Records excerpted from a collection

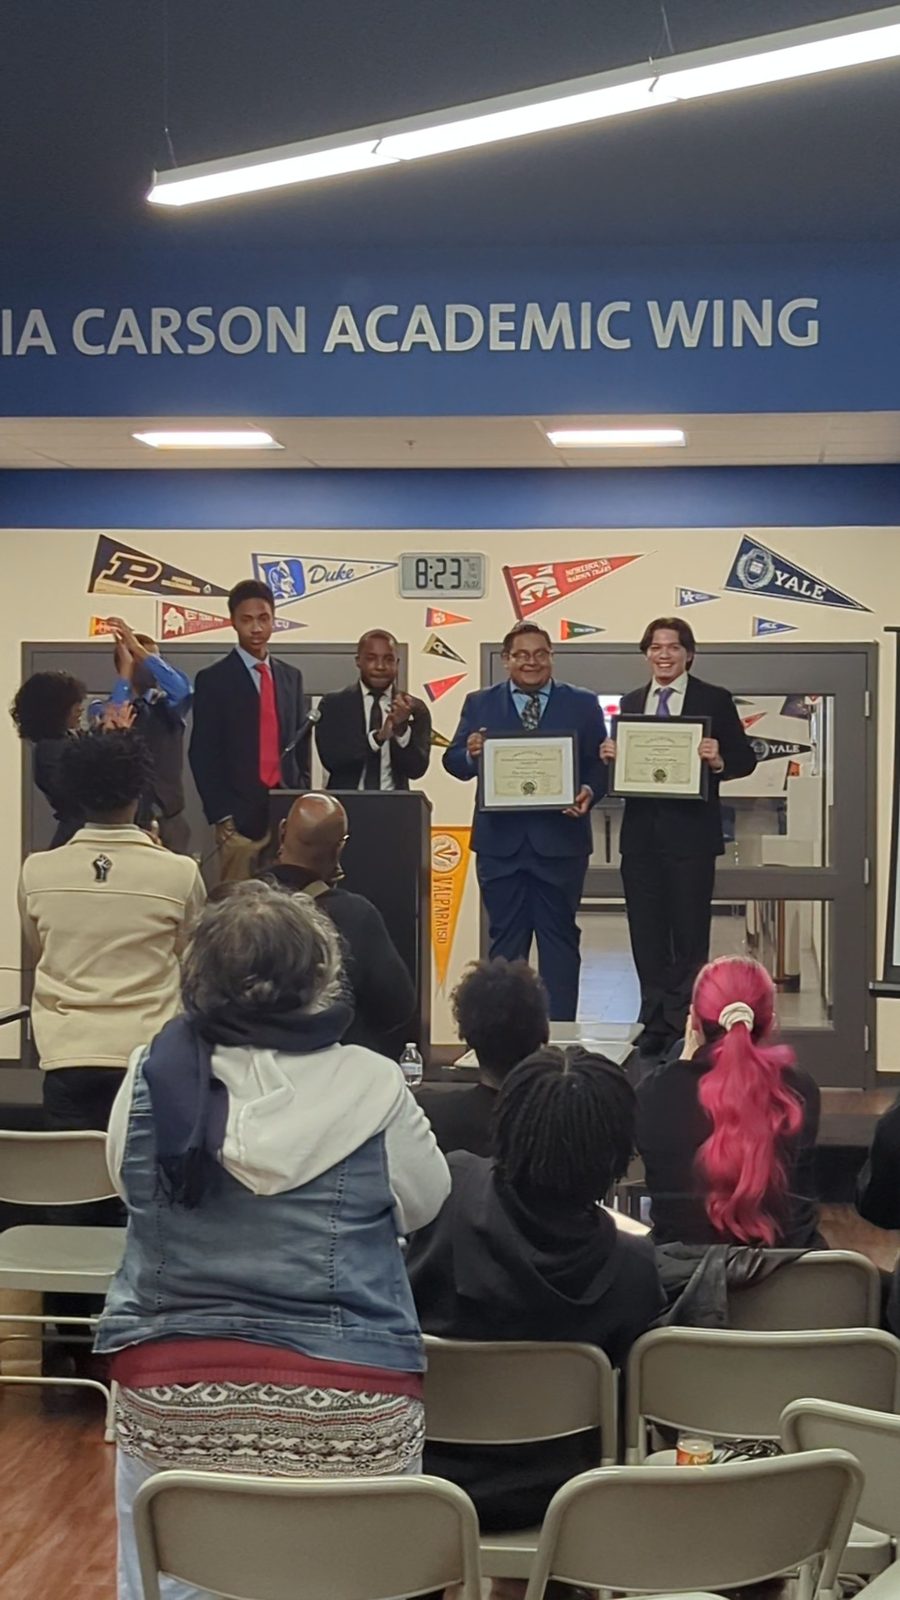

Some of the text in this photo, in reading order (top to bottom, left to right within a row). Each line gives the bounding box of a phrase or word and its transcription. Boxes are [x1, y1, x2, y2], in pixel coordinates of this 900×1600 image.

[1, 298, 819, 355] IA CARSON ACADEMIC WING
[307, 563, 355, 584] Duke
[415, 558, 462, 589] 8:23
[774, 569, 827, 600] YALE
[769, 744, 800, 754] YALE
[433, 876, 453, 944] VALPARAISO

▸ **Task statement**:
Return the data above in its exact wording, with none of the pictures.

▸ **Problem solution**:
Some of the text in this photo, in reading order (top to bottom, left to right within a row). Each line gives the bounding box of a phrase or word and its transcription. Boxes are [x1, y1, x2, y2], in pixel coordinates of this 900×1600 image.

[1, 298, 819, 355] IA CARSON ACADEMIC WING
[307, 563, 355, 584] Duke
[415, 558, 462, 589] 8:23
[774, 569, 827, 600] YALE
[769, 744, 800, 754] YALE
[433, 876, 453, 944] VALPARAISO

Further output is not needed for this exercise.